Ablation of the stimulatory G protein α-subunit in renal proximal tubules leads to parathyroid hormone-resistance with increased renal Cyp24a1 mRNA abundance and reduced serum 1,25-dihydroxyvitamin D

Abstract

PTH regulates serum calcium, phosphate, and 1,25-dihydroxyvitamin D (1,25(OH)2D) levels by acting on bone and kidney. In renal proximal tubules (PTs), PTH inhibits reabsorption of phosphate and stimulates the synthesis of 1,25(OH)2D. The PTH receptor couples to multiple G proteins. We here ablated the α-subunit of the stimulatory G protein (Gsα) in mouse PTs by using Cre recombinase driven by the promoter of type-2 sodium-glucose cotransporter (GsαSglt2KO mice).
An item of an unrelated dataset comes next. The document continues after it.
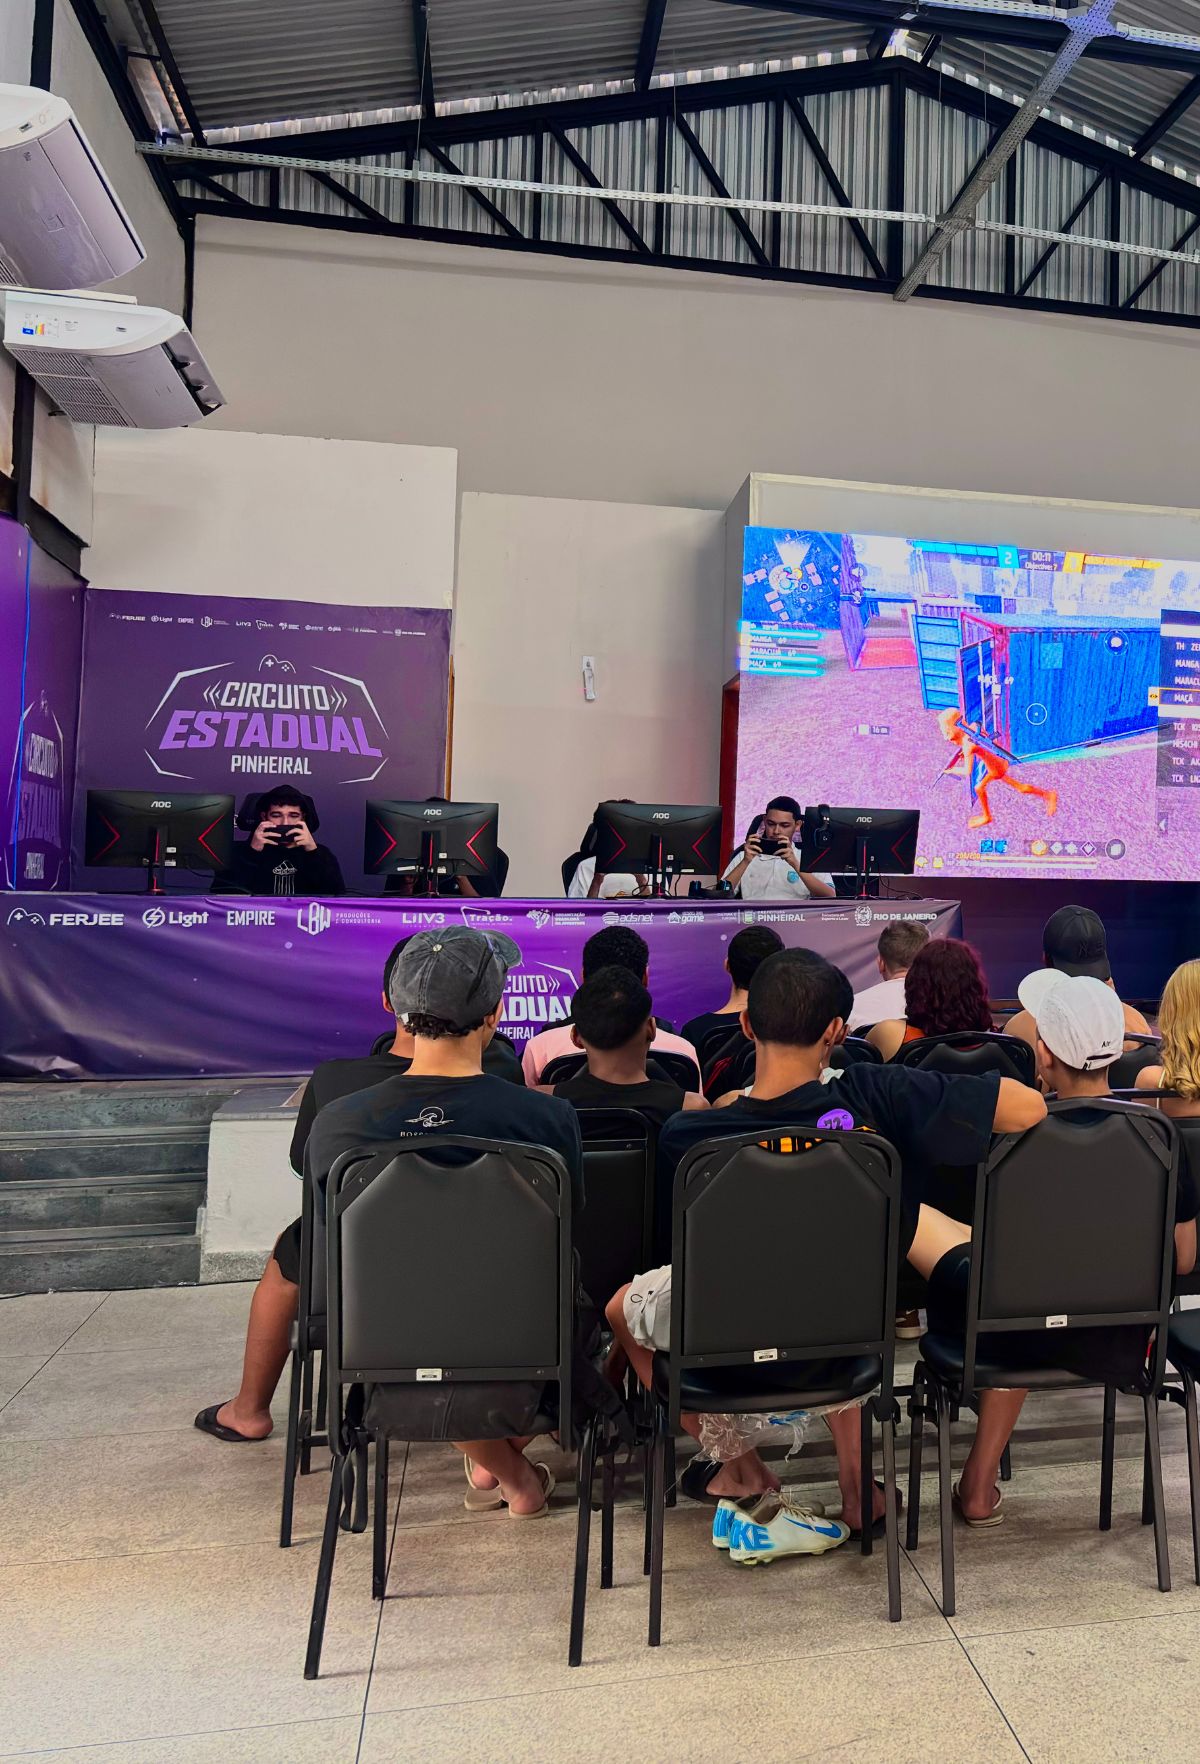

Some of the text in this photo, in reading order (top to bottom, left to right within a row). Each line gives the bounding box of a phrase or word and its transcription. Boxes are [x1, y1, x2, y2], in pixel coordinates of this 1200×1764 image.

GsαSglt2KO mice were normophosphatemic but displayed, relative to controls, hypocalcemia (1.19 ±0.01 vs 1.23±0.01 mmol/L; P < .05). PTH-induced elevation in urinary cAMP excretion was blunted in GsαSglt2KO mice (2- vs 4-fold over baseline in controls; P < .05). Our findings indicate that Gsα is required in PTs for suppressing renal vitamin D 24- hydroxylase mRNA levels and for maintaining normal serum 1,25(OH)2D.